Images for object localization
|---|
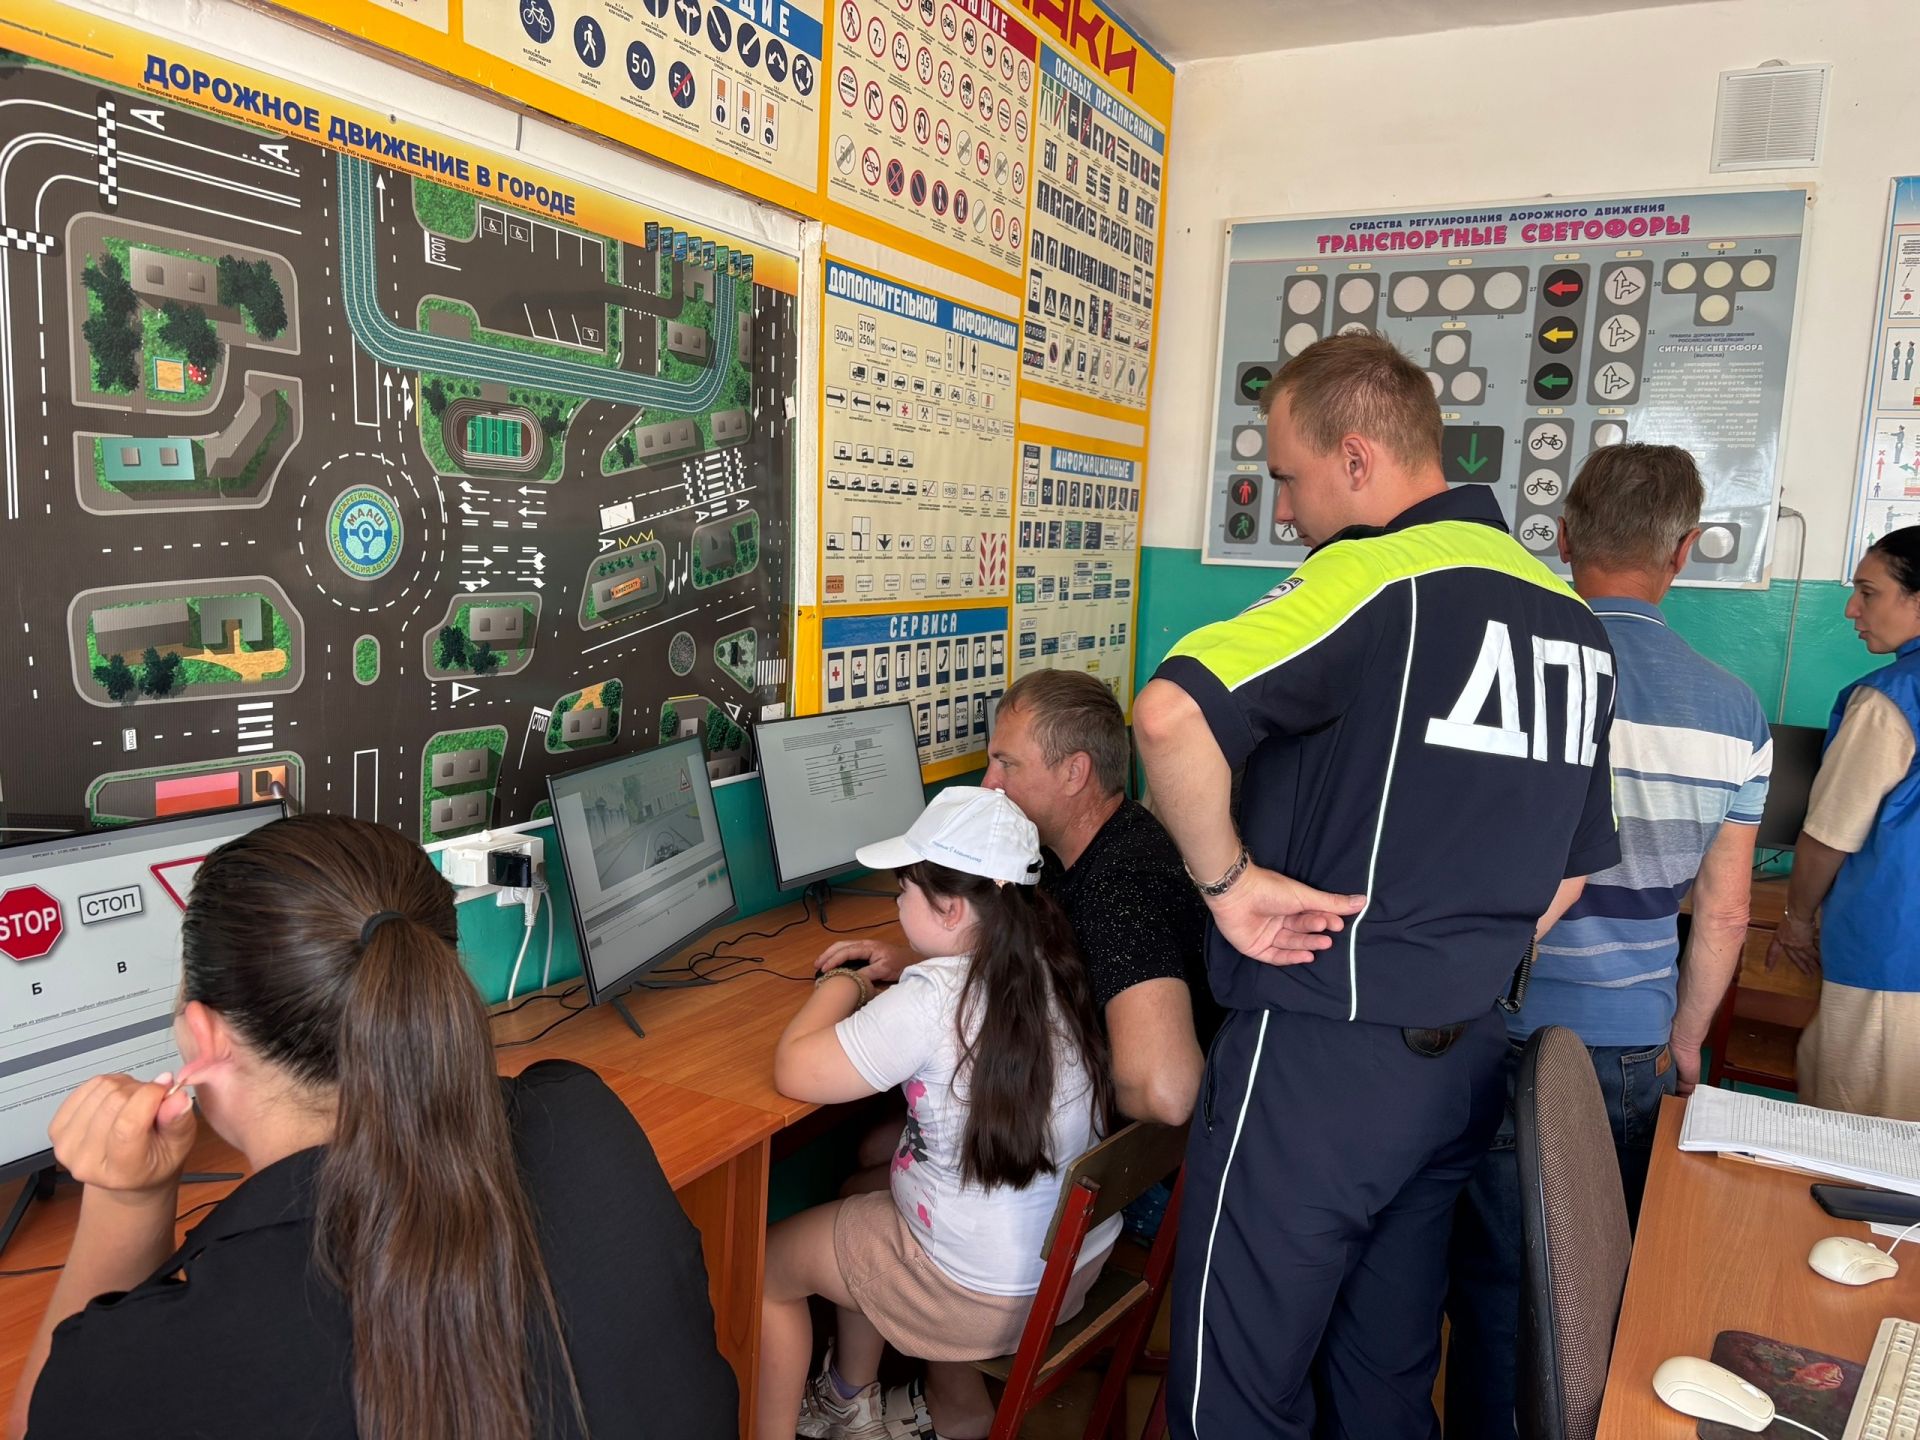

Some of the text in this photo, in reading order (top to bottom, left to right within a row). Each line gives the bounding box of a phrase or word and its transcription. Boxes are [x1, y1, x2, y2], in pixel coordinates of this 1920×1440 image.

[631, 53, 650, 78] 50
[1055, 58, 1092, 102] ОСОБЫХ
[130, 109, 165, 132] А
[144, 54, 576, 216] ДОРОЖНОЕ ДВИЖЕНИЕ В ГОРОДЕ
[259, 144, 290, 164] А
[1350, 204, 1665, 230] СРЕДСТВА РЕГУЛИРОВАНИЯ ДОРОЖНОГО ДВИЖЕНИЯ
[1316, 214, 1690, 254] ТРАНСПОРТНЫЕ СВЕТОФОРЫ
[432, 238, 446, 262] СТОП
[828, 266, 1016, 347] ДОПОЛНИТЕЛЬНОЙ ИНФОРМАЦИИ
[860, 320, 875, 334] STOP
[1658, 345, 1703, 353] СИГНАЛЫ
[1056, 450, 1130, 479] ИНФОРМАЦИОННЫЕ
[347, 508, 384, 526] МААШ
[890, 612, 958, 638] СЕРВИСА
[532, 713, 548, 733] СТОП
[86, 892, 136, 916] СТОП
[0, 907, 57, 942] STOP
[117, 961, 128, 974] В
[32, 982, 43, 996] Б
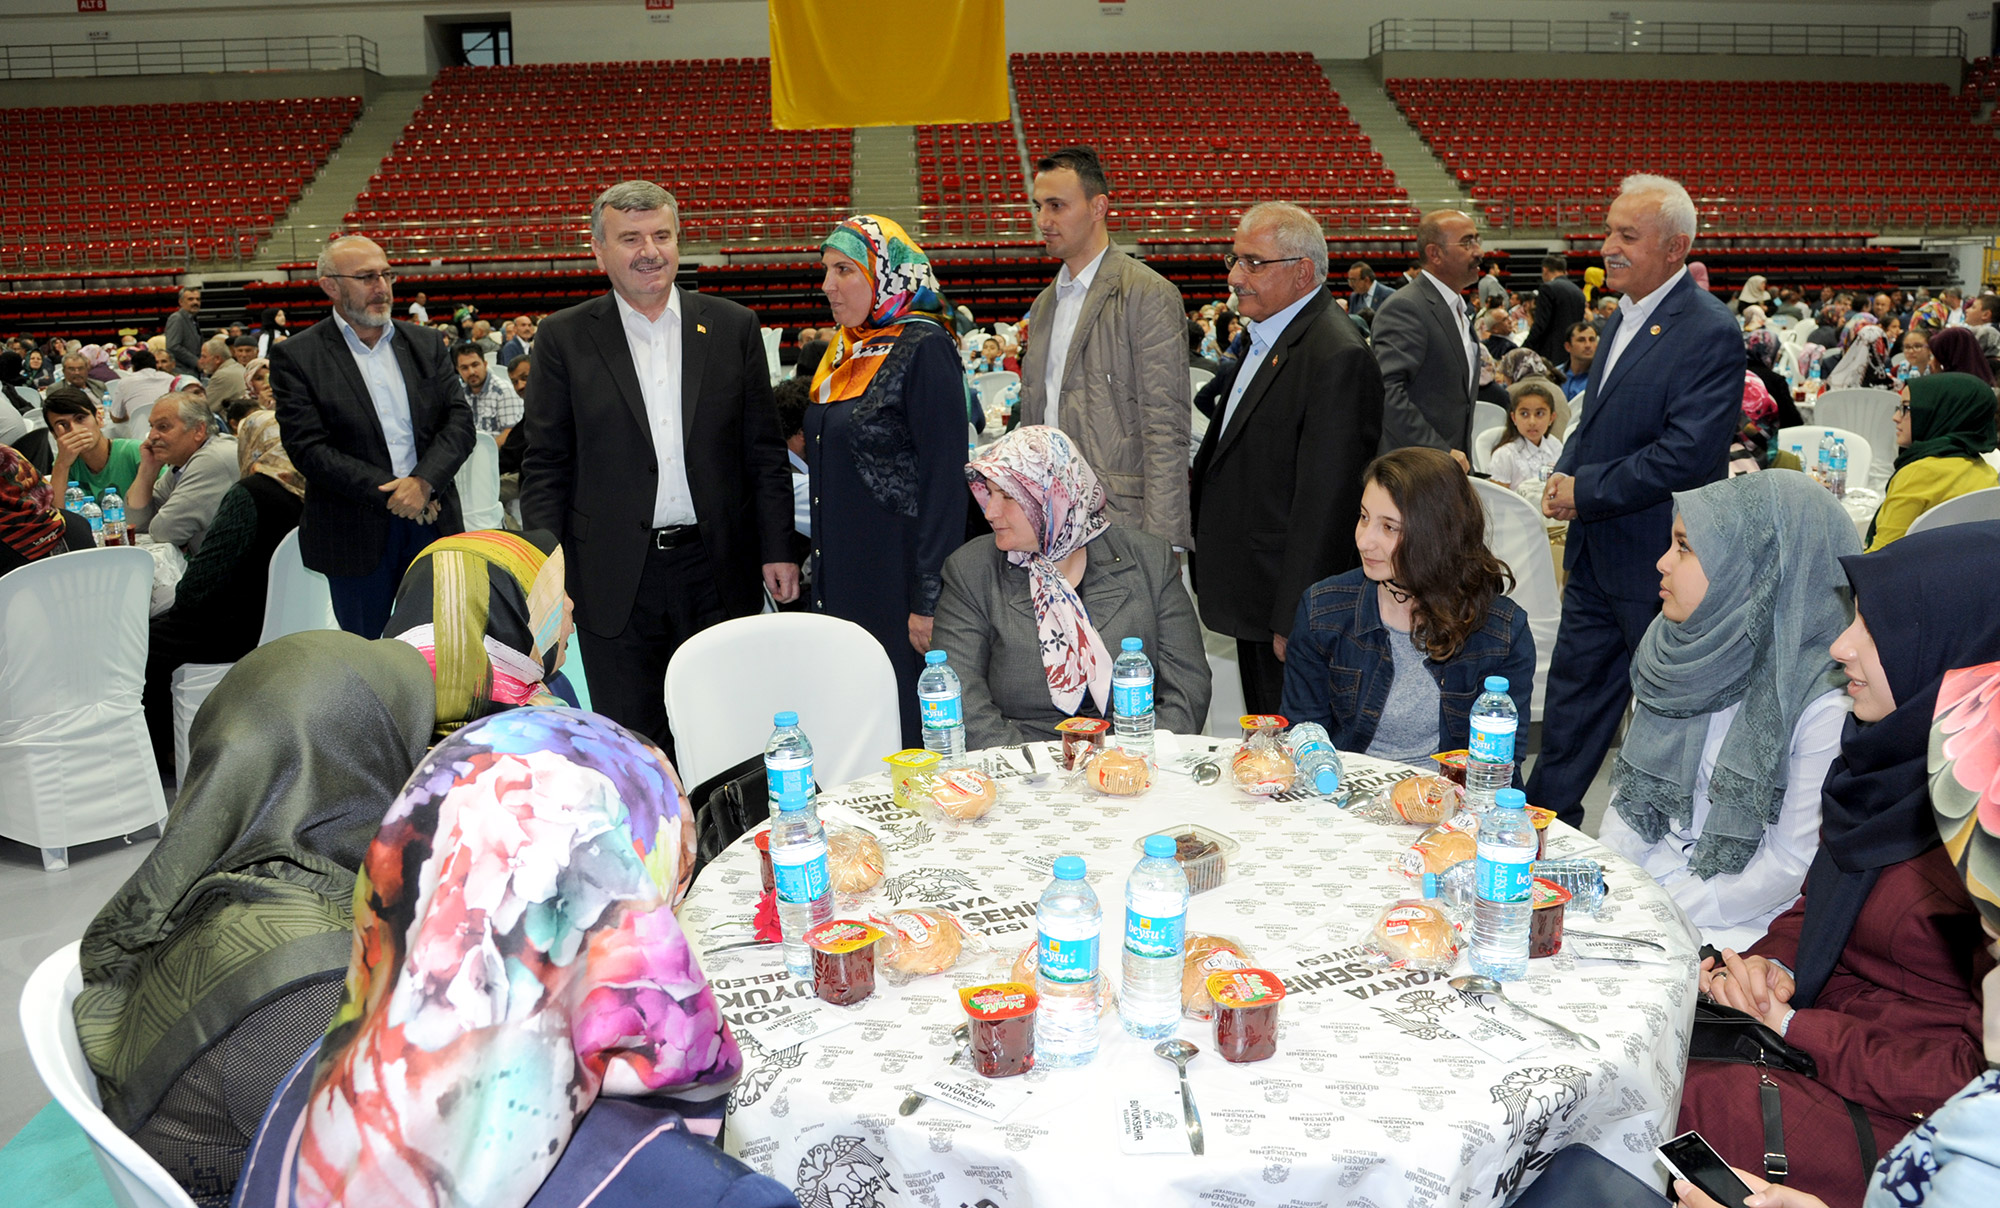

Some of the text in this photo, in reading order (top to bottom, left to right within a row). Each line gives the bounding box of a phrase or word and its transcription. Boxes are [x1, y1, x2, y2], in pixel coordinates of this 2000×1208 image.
|---|
Restate each entry verbatim and skip every image.

Some of the text in this photo, in reading order (top to bottom, left to right within a row). Each line gives the bounding box of a phrase or word and its transcription. Boxes are [x1, y1, x2, y2], in pixel coordinates of this 1920×1440 image.

[631, 53, 650, 78] 50
[1055, 58, 1092, 102] ОСОБЫХ
[130, 109, 165, 132] А
[144, 54, 576, 216] ДОРОЖНОЕ ДВИЖЕНИЕ В ГОРОДЕ
[259, 144, 290, 164] А
[1350, 204, 1665, 230] СРЕДСТВА РЕГУЛИРОВАНИЯ ДОРОЖНОГО ДВИЖЕНИЯ
[1316, 214, 1690, 254] ТРАНСПОРТНЫЕ СВЕТОФОРЫ
[432, 238, 446, 262] СТОП
[828, 266, 1016, 347] ДОПОЛНИТЕЛЬНОЙ ИНФОРМАЦИИ
[860, 320, 875, 334] STOP
[1658, 345, 1703, 353] СИГНАЛЫ
[1056, 450, 1130, 479] ИНФОРМАЦИОННЫЕ
[347, 508, 384, 526] МААШ
[890, 612, 958, 638] СЕРВИСА
[532, 713, 548, 733] СТОП
[86, 892, 136, 916] СТОП
[0, 907, 57, 942] STOP
[117, 961, 128, 974] В
[32, 982, 43, 996] Б

Some of the text in this photo, in reading order (top to bottom, left to right within a row). Each line gives the bounding box of a phrase or word and its transcription. Boxes are [x1, y1, x2, y2], in pixel coordinates of this 2000×1208 image.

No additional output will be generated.